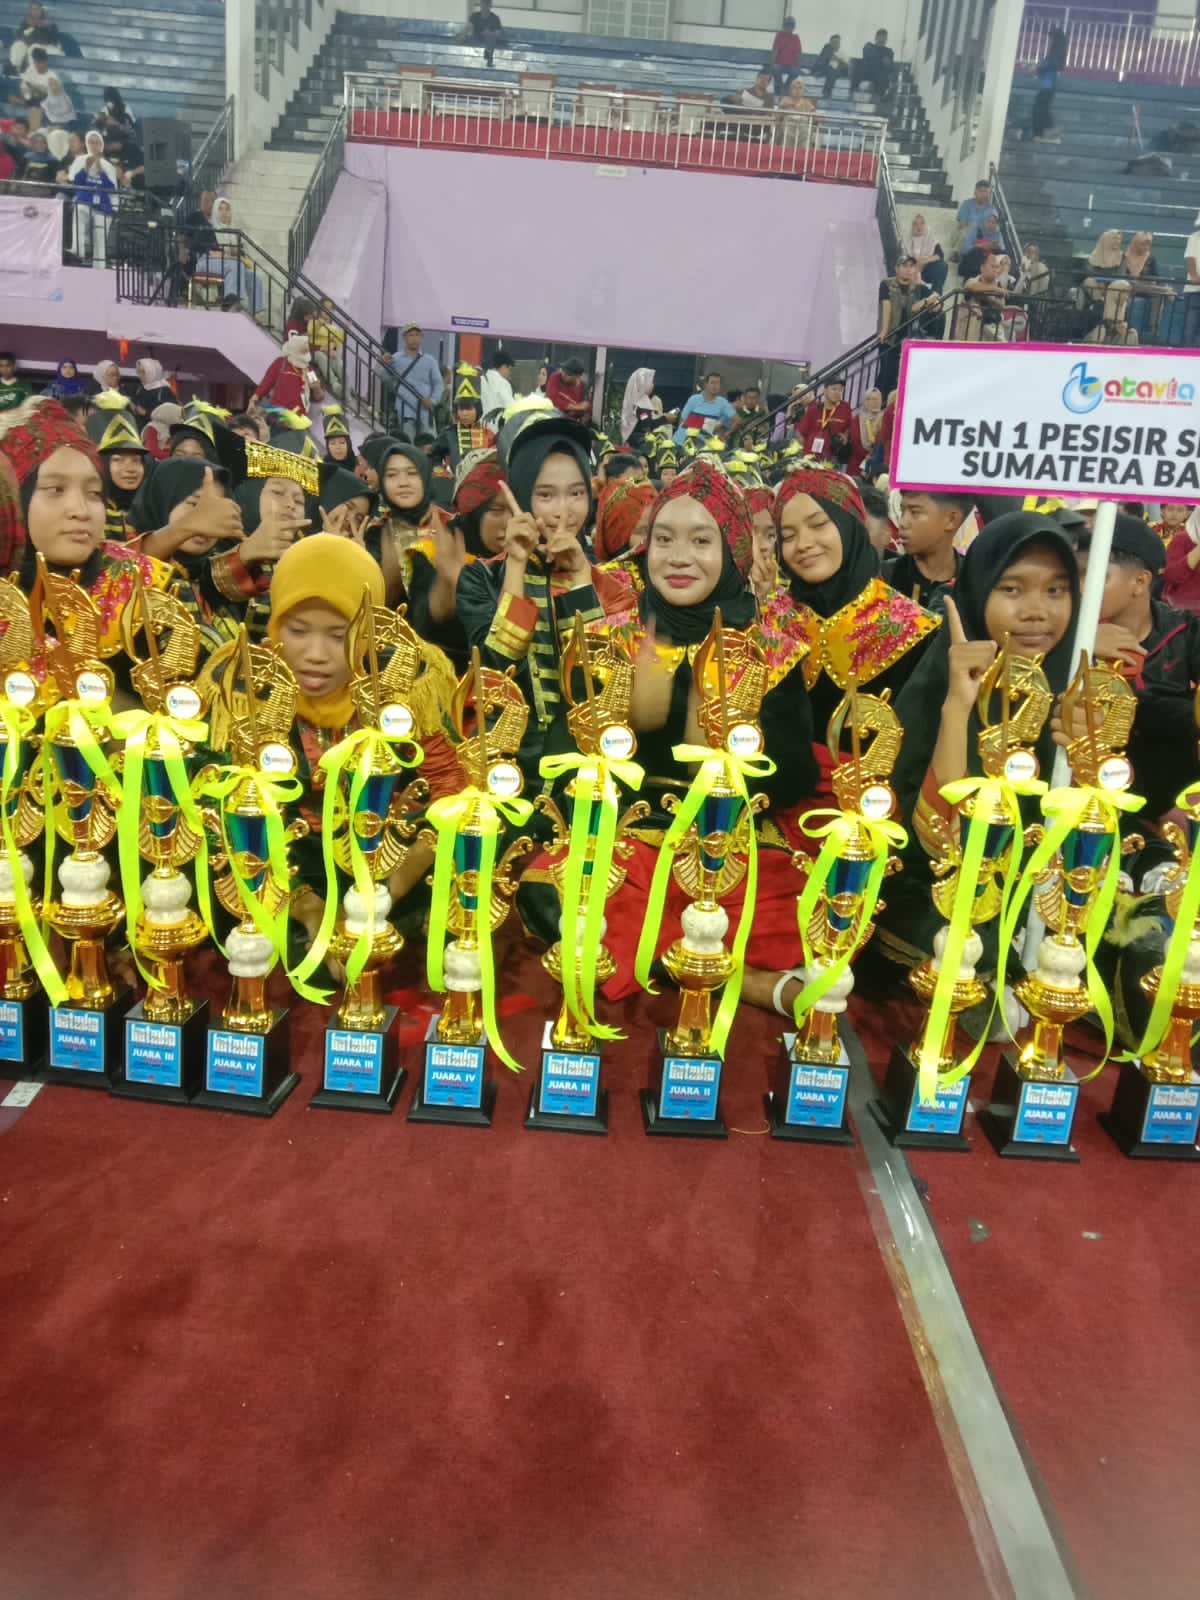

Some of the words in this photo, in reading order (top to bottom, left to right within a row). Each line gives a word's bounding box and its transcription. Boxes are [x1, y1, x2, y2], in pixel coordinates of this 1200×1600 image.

[913, 418, 1002, 448] MTsN
[1013, 422, 1028, 449] 1
[1039, 423, 1167, 456] PESISIR
[1175, 429, 1200, 458] S
[961, 451, 1144, 486] SUMATERA
[1154, 460, 1200, 489] BA
[213, 1058, 242, 1070] JUARA
[246, 1062, 256, 1071] IV
[332, 1057, 361, 1067] JUARA
[365, 1060, 374, 1069] III
[432, 1071, 461, 1081] JUARA
[465, 1073, 476, 1082] IV
[548, 1081, 578, 1091] JUARA
[581, 1083, 591, 1092] III
[669, 1086, 700, 1096] JUARA
[795, 1091, 825, 1102] JUARA
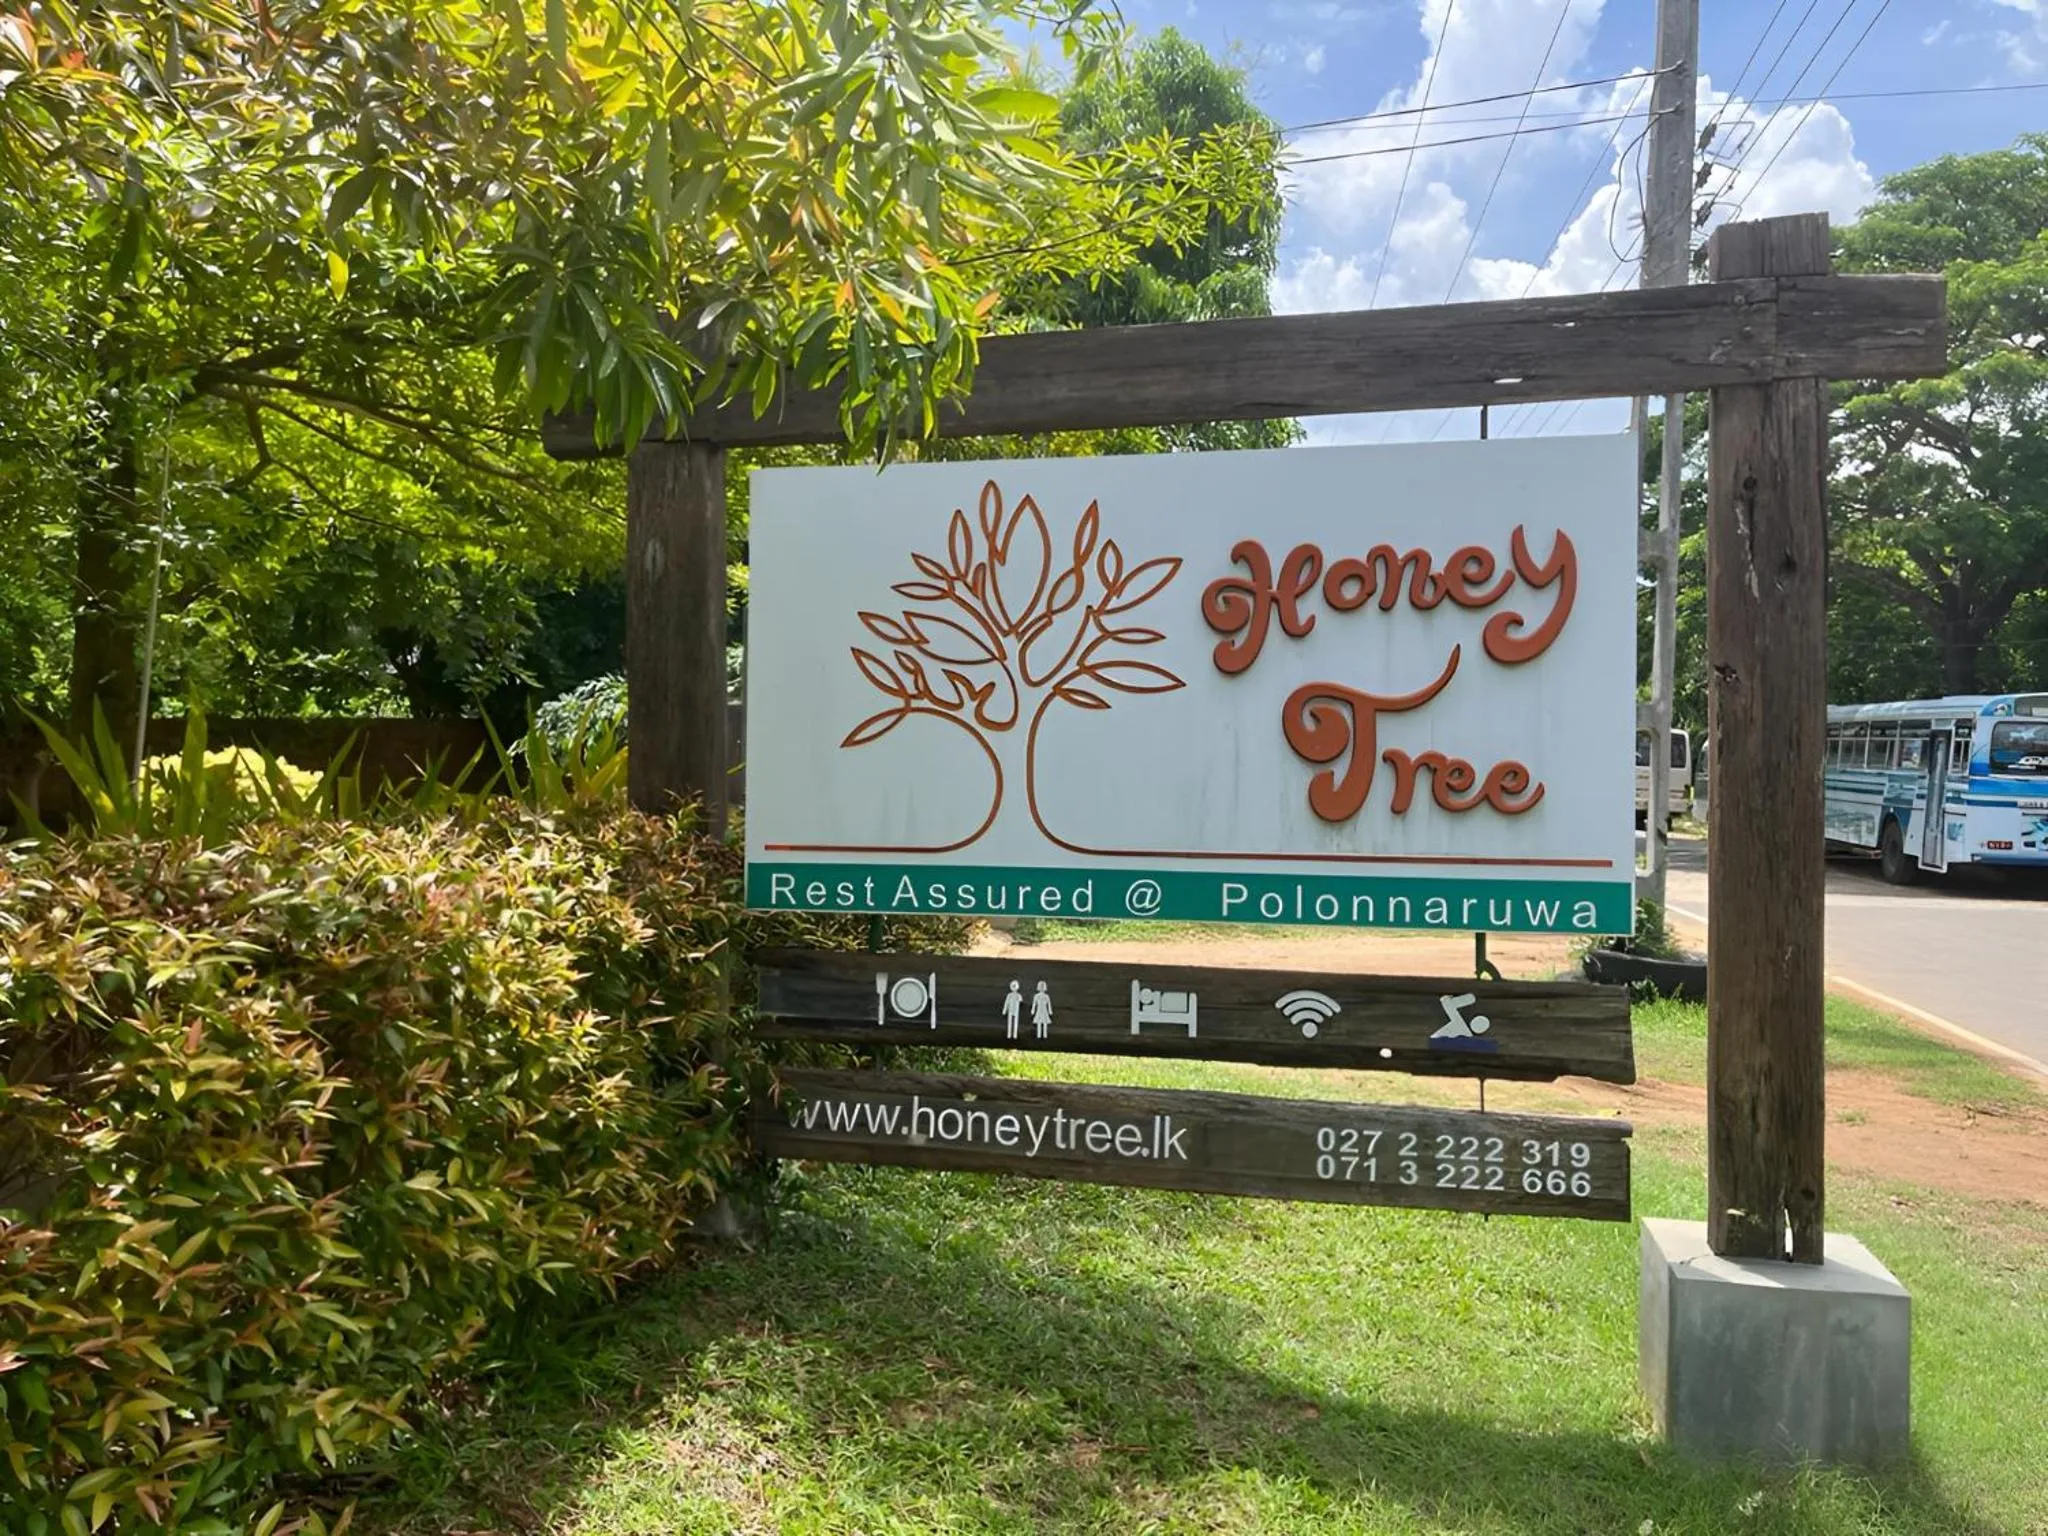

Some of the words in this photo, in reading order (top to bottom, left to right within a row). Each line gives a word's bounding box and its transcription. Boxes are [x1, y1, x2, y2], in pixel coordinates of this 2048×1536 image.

[1201, 523, 1578, 674] Honey
[1282, 642, 1545, 822] Tree
[771, 873, 876, 907] Rest
[892, 875, 1094, 913] Assured
[1125, 879, 1162, 916] @
[1222, 882, 1599, 929] Polonnaruwa
[790, 1096, 1189, 1160] www.honeytree.lk
[1317, 1127, 1382, 1156] 027
[1398, 1132, 1418, 1157] 2
[1435, 1135, 1504, 1163] 222
[1521, 1140, 1591, 1168] 319
[1317, 1154, 1378, 1182] 071
[1400, 1160, 1418, 1185] 3
[1435, 1163, 1504, 1190] 222
[1522, 1168, 1592, 1197] 666

----------------------------------------

- [TRY IT]
A word-for-word copy of the material is required; pictures stay out of it.

- [PROBLEM SOLUTION]
Some of the words in this photo, in reading order (top to bottom, left to right within a row). Each line gives a word's bounding box and its transcription. Boxes are [x1, y1, x2, y2], in pixel coordinates of this 1200×1600 image.

[913, 418, 1002, 448] MTsN
[1013, 422, 1028, 449] 1
[1039, 423, 1167, 456] PESISIR
[1175, 429, 1200, 458] S
[961, 451, 1144, 486] SUMATERA
[1154, 460, 1200, 489] BA
[213, 1058, 242, 1070] JUARA
[246, 1062, 256, 1071] IV
[332, 1057, 361, 1067] JUARA
[365, 1060, 374, 1069] III
[432, 1071, 461, 1081] JUARA
[465, 1073, 476, 1082] IV
[548, 1081, 578, 1091] JUARA
[581, 1083, 591, 1092] III
[669, 1086, 700, 1096] JUARA
[795, 1091, 825, 1102] JUARA

Some of the words in this photo, in reading order (top to bottom, left to right within a row). Each line gives a word's bounding box and its transcription. Boxes are [x1, y1, x2, y2], in pixel coordinates of this 2048×1536 image.

[1201, 523, 1578, 674] Honey
[1282, 642, 1545, 822] Tree
[771, 873, 876, 907] Rest
[892, 875, 1094, 913] Assured
[1125, 879, 1162, 916] @
[1222, 882, 1599, 929] Polonnaruwa
[790, 1096, 1189, 1160] www.honeytree.lk
[1317, 1127, 1382, 1156] 027
[1398, 1132, 1418, 1157] 2
[1435, 1135, 1504, 1163] 222
[1521, 1140, 1591, 1168] 319
[1317, 1154, 1378, 1182] 071
[1400, 1160, 1418, 1185] 3
[1435, 1163, 1504, 1190] 222
[1522, 1168, 1592, 1197] 666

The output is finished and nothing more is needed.